As some of you already know, I was in a pretty scary car accident at 10:00 pm on Monday night. I was coming back from an amazing dinner at my favorite restaurant, Tippy's in Governor's Harbor. I was with 3 friends and I was driving until my newly permitted friend asked if she could drive from Rock Sound market to the Cape. I allowed her to do so not realizing that 10 minutes later, she would be undergoing an advanced skill: safely coming out of a hydroplane. Alas, after two severe over corrections with the steering wheel, I found myself hanging upside down and slightly unconscious. I could hear everyone calling my name and trying my darndest to say that I was OK, but the speech part of my brain had temporarily checked out.

My friend unclipped me and I vaguely remember crawling out of the rear window onto the ground. 2-3 cars passed us. I vomitted up what was a lovely dinner of ribs and potatoes. Fare the well blessed pig dinner. I felt much more alert after that, but definitely not all there. The police came before the virtually non-existant emergency services.

So, what does this have to do with the blog? Here are the plastic components that contributed to my incident:
  1. The car, which a friend told me that Found On Roadside Dead, Fix Often Repair Daily are 2 acronyms for Ford. I'm not sure what percentage of this 1990 Ford Explorer was plastic, but I can tell you that I had more than a few premonitions about this car. I should have trusted the bad ju-ju instinct. Do you remember the little red & yellow Fisher-Price cars with the black steering wheel? Yeah, that was our car.
  2. seatbelt--allowed me the luxury of hanging upside down securely
  3. sunglasses--either protected or contributed to my severe head bang
  4. iPhone--enabled us to call for help and stay in communication with the Island School medical staff for updates.
  5. Bic pen--allowed the police officer to start filling out a police report before checking to see of anyone was severely injured. I still want to hit that guy.

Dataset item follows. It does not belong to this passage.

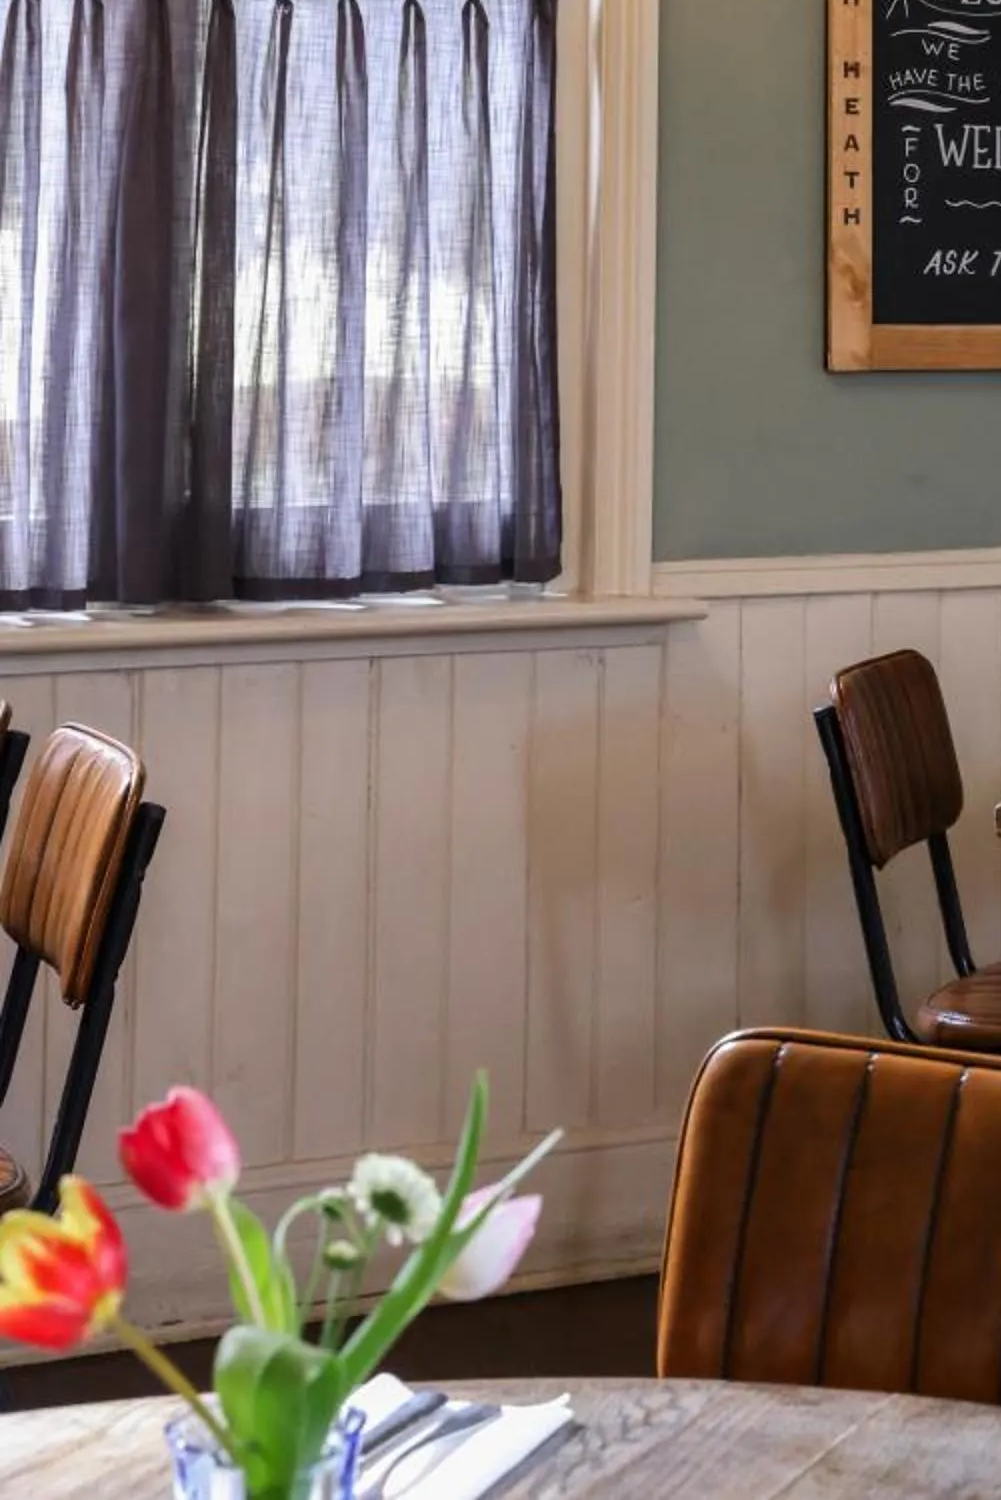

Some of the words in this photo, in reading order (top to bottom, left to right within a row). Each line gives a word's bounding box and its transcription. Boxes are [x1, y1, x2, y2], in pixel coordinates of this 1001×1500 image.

I should have puked on his shoes.
  6. chair--allowed me to sit down while the doc to took my vitals
  7. stethescope, eye light thingy, blood pressure cuff--vital signs
  8. Bic pen--allowed the doctor to fill out a report
  9. toothbrush--allowed me to clean my mouth out after the token "I have a concussion" vomit.
So, did plastic save my life or did (does) it enable me to engage in more risky activities such as driving a vehicle? I realize that plastic, in many ways, has improved the safety of driving, but hasn't it also enabled vehicles to be produced more "economically" and therefore more abundantly, leading to a greater accessibility to people all over the world even in places such as Eleuthera with virtually NO emergency services or advanced life support systems?

I don't know what I'm getting at...maybe this is mild brain damage, but does plastic give us the illusion of safety?

Whatever the case, I am thankful to be alive to write another post.

Thanks for all of your well wishes...I am also thankful for all the amazing people and relationships in my life--thank goodness relationships, life, and love are NOT made of plastic.

Weird. See the infamous explorer in the background? I took this photo not too long after my premonition about this vehicle...self portrait inside my polyplastic tent on a solo camping trip in Rainbow Bay.